One such method is the North-West-Corner-Rule (NWCR; see, e.g., Hillier and Liebermann (2010)) which we enhance to approach our cost-minimization problem for network construction.

3.2 The permuted North-West-Corner-Rule

The original North-West-Corner-Rule uses a tableau where the rows are the suppliers (here: lenders) and the columns are the outlets (here: borrowers) and where quantities are iteratively assigned. Using the notation from our problem, it is initialized by considering all assets and liabilities to be unassigned (\(A_i^{(0)} = A_i\), \(L_j^{(0)}=L_j\)) and all links to be inactive (\(z_{ij}^{(0)}=0\)). Then follows an iterative procedure where in each iteration, t, one pair of a lender i and a borrower j is selected. In the first iteration, it is the combination of the top-left corner (“north-west” corner, hence the name) of the tableau with \((i=1,j=1)\). Next, one checks how much of i’s supply is still unassigned, and how much open demand j has left. The lower of the two is the maximum contract size between the two and chosen for \(z_{ij}\), while i’s available supply and j’s open demands are lowered accordingly: \(z_{ij}^{(t)} = \min \left( A_i^{(t-1)}, L_j^{(t-1)}\right) \), \(A_i^{(t)} = A_i^{(t-1)} - z_{ij}\), and \(L_j^{(t)} = L_j^{(t-1)} - z_{ij}\). If i’s assets are now exhausted (\(A_i^{(t)}=0\)), one moves on to the next supplier (\(i := i+1\); move south in the tableau); if j has no further demand for liabilities (\(L_j^{(t)}=0\)), one moves to the next borrower (\(j:=j+1\); move east in the tableau). This finishes iteration t and starts iteration \(t+1\). These iteration steps are then repeated until no available assets and no demand for liabilities are left, and the south-east corner has been reached. The network \({\mathbb {Z}}_{MD}\) in Table 1b has been created in exactly that fashion.Footnote 2

The NWCR does produce a feasible solution as it is based on the constraints. However, it does not guarantee an optimal solution for two reasons: (a) costs, fixed and variable alike, are ignored in the construction process, and (b) the sequence in which the banks are listed drives the assignments. At the same time, it tends to produce very sparse networks, which, here, keeps the aggregate fixed-costs low. The second aspect concerning the sequence is usually considered a downside, as the sorting and the resulting pairs (ij) are often arbitrary. For the problem at hand, we suggest to turn this into a crucial feature of the optimization: we restate the search process as finding permutations of the lenders and borrowers, respectively, that minimizes the costs of a resulting pNWCR network. This turns the optimization problem into a sorting problem similar to the traveling salesman problem (TSP)—which is NP hard (i.e., with no known algorithm where the required computation time is no worse than polynomial in the number of instances), but for which non-deterministic search methods have been found to have favorable convergence properties. For the problem at hand, we adopt a Simulated Annealing algorithm, originally suggested by Kirkpatrick et al. (1983), and fit it to our problem: starting with a random solution, each iteration produces one new solution (here: a slightly different permutation of lenders and borrowers) by mutating the current one. Simple ways of achieving this include switching two or more randomly chosen elements (e.g, aBcdEf becomes aEcdBf), or by choosing a random segment of the sequence and reversing its order (e.g., abCDEf becomes abEDCf). If the mutant solution is better than the current one, it replaces it; but also a (slightly) worse solution can be accepted, with a certain probability, to overcome local optima: the larger the downhill step (and the longer the search process has been going on), the lower that probability. After its final iteration, the algorithm reports the best of all tested candidates. Appendix B provides pseudo-algorithms for the Simulated Annealing algorithm and the Permuted North-West Corner Rule.

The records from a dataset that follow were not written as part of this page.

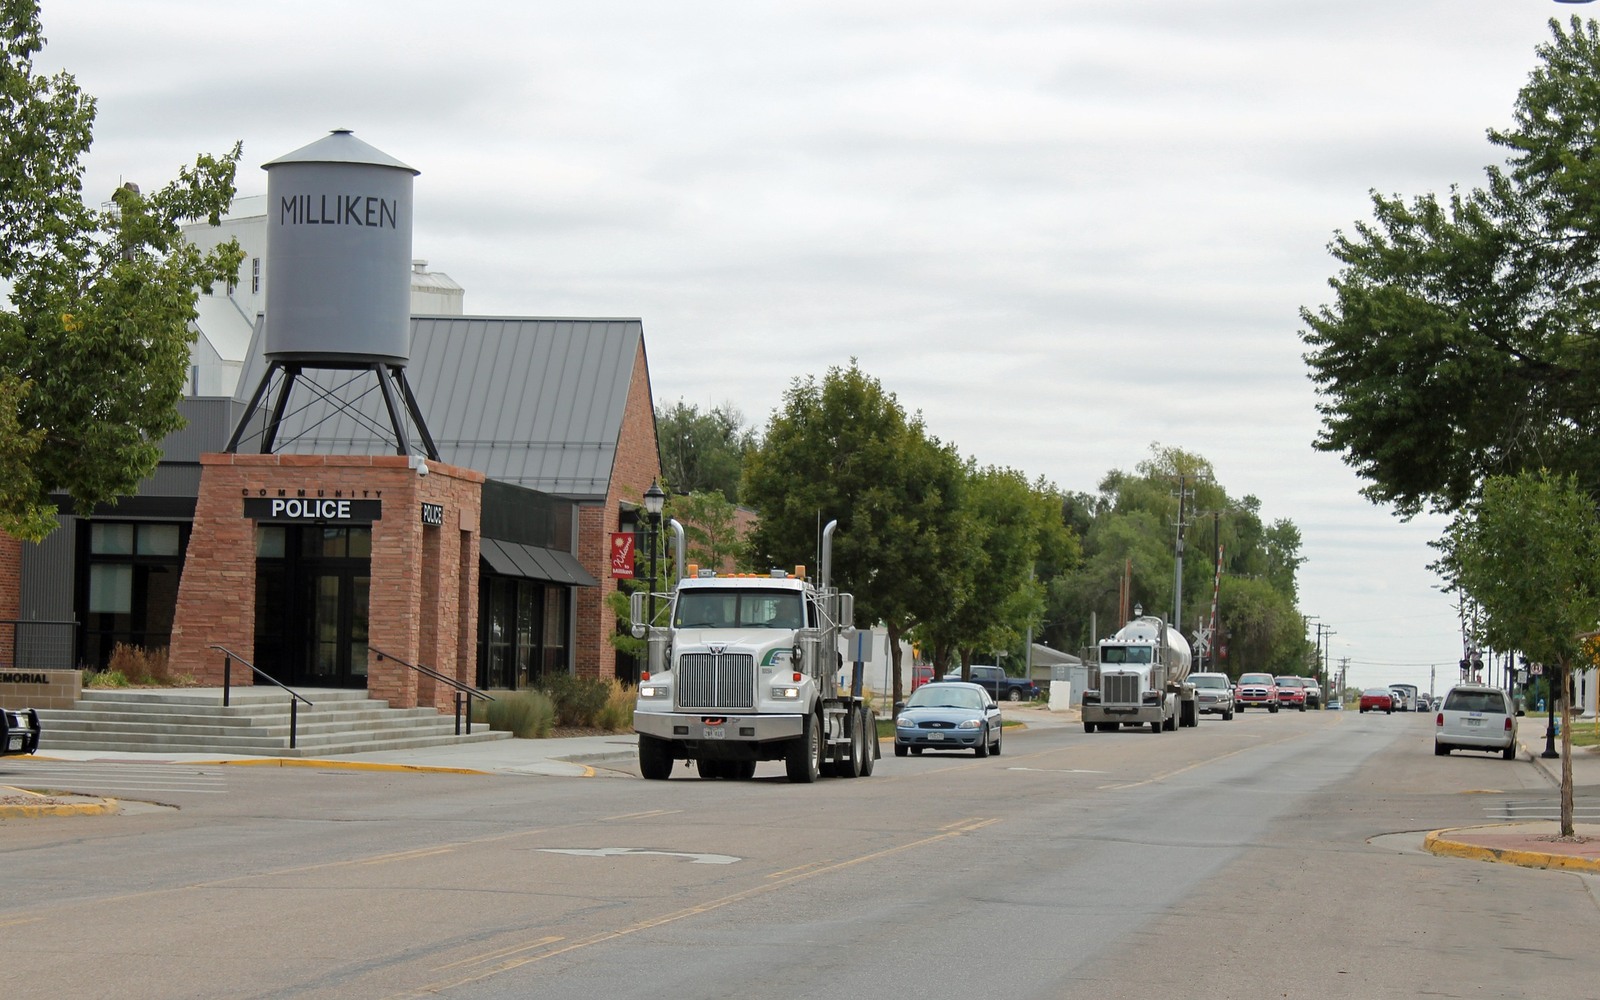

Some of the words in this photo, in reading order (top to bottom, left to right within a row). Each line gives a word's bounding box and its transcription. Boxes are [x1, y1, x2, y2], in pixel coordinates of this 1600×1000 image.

[281, 194, 397, 229] MILLIKEN
[242, 488, 382, 498] COMMUNITY
[271, 500, 351, 518] POLICE
[423, 504, 442, 524] POLICE
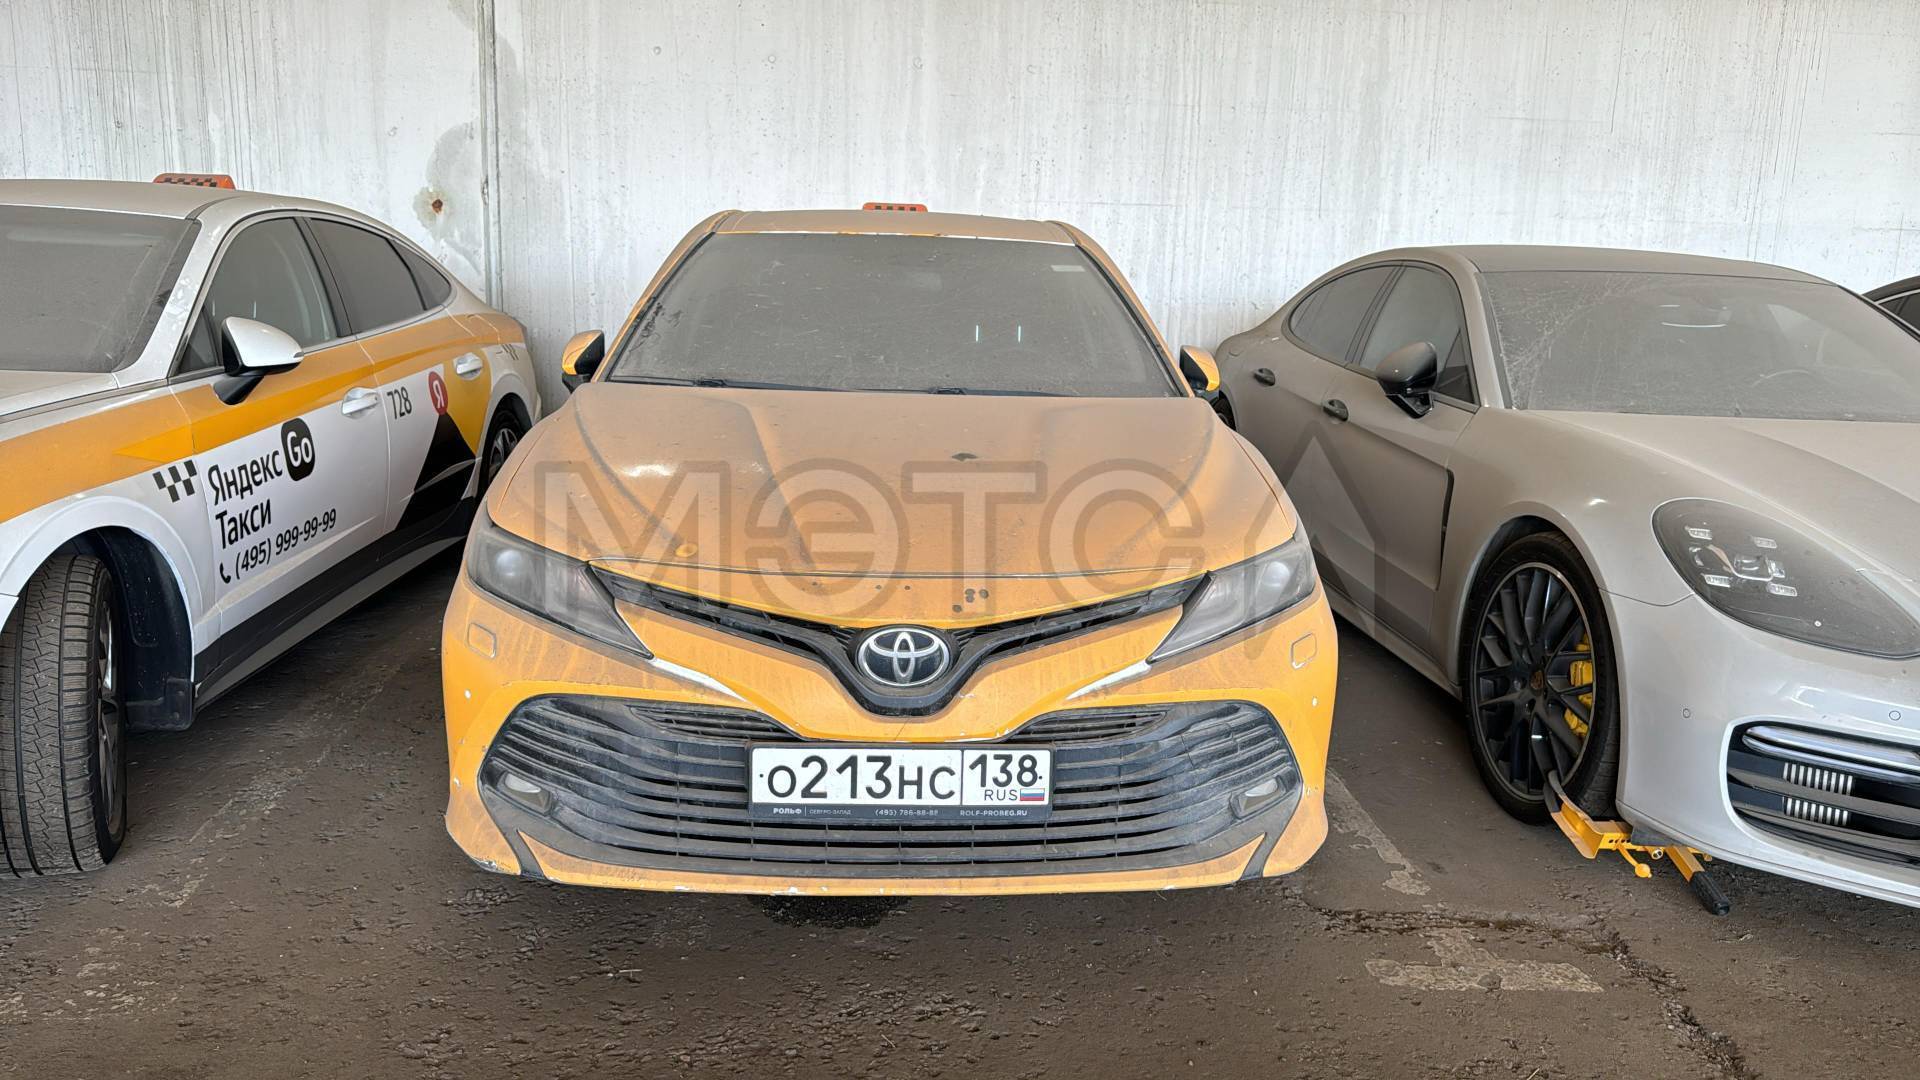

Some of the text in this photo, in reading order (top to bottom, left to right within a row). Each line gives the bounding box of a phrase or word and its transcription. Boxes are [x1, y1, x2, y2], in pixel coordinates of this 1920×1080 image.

[387, 387, 413, 420] 728
[207, 430, 312, 506] Яндекс Go
[215, 498, 272, 549] Такси
[235, 508, 337, 580] (495) 999-99-99
[968, 754, 1039, 788] 138
[773, 807, 802, 815] РОЛЬФ
[984, 789, 1018, 802] RUS
[960, 809, 1028, 817] ROLF-PROBEG.RU
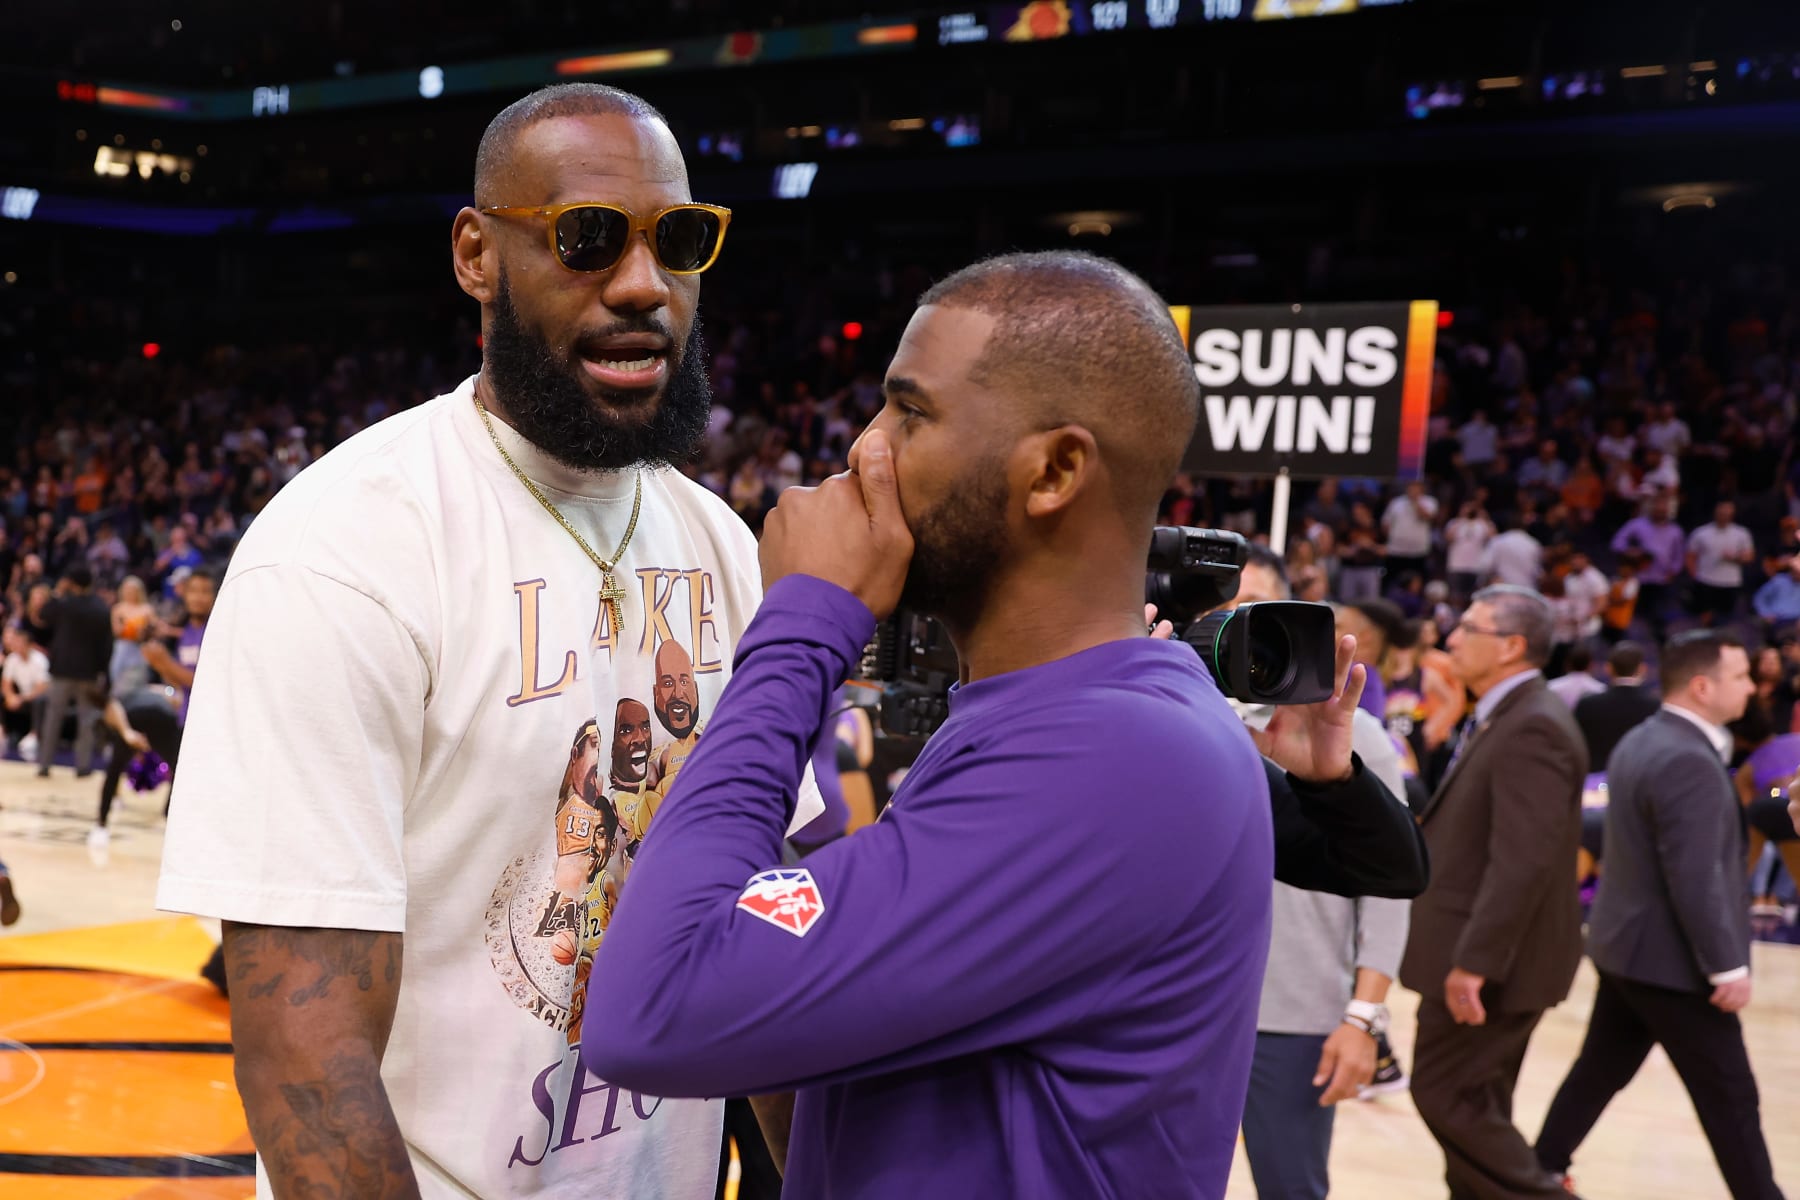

Mimicking the real-world crystallization and annealing process, a “temperature” parameter gears the search process: if the temperature is too generous (high), any mutant is accepted and the search turns into a random walk; if it is converging to zero (i.e., even the slightest deterioration is unlikely to be accepted), then it turns into a hill-climber. With a well-chosen temperature and cooling plan, however, the process creates a trajectory through the search domain that can overcome local optima (thanks to accepting some of the downhill steps) yet with a tendency to converge to the optimum (thanks to ignoring very damaging steps, but with a dominating preference for uphill steps). Typically, the temperature parameter is therefore set to a reasonably high value in the beginning, but gradually lowered towards zero, to shift the search process from an explorative to an exploitative behavior.Footnote 3

4 Properties of networks under decreasing costs of link formation

4.1 A simple illustrative example

Assume there are six banks that are all lenders with assets \([A_i] = [50, 15, 12, 11, 8, 4]\) and another six banks that are all borrowers with liabilities \([L_j] = [51, 14, 13, 10, 9, 3]\). No bank is both lender and borrower; the self-lending constraint can be ignored. Banks are sorted by size in descending order to facilitate interpretation. Table 1 shows three different networks all of which satisfy the budget and non-negativity constraints and produce the required assets and liabilities. The scalar c is assumed to be 1 here and in all subsequent experiments.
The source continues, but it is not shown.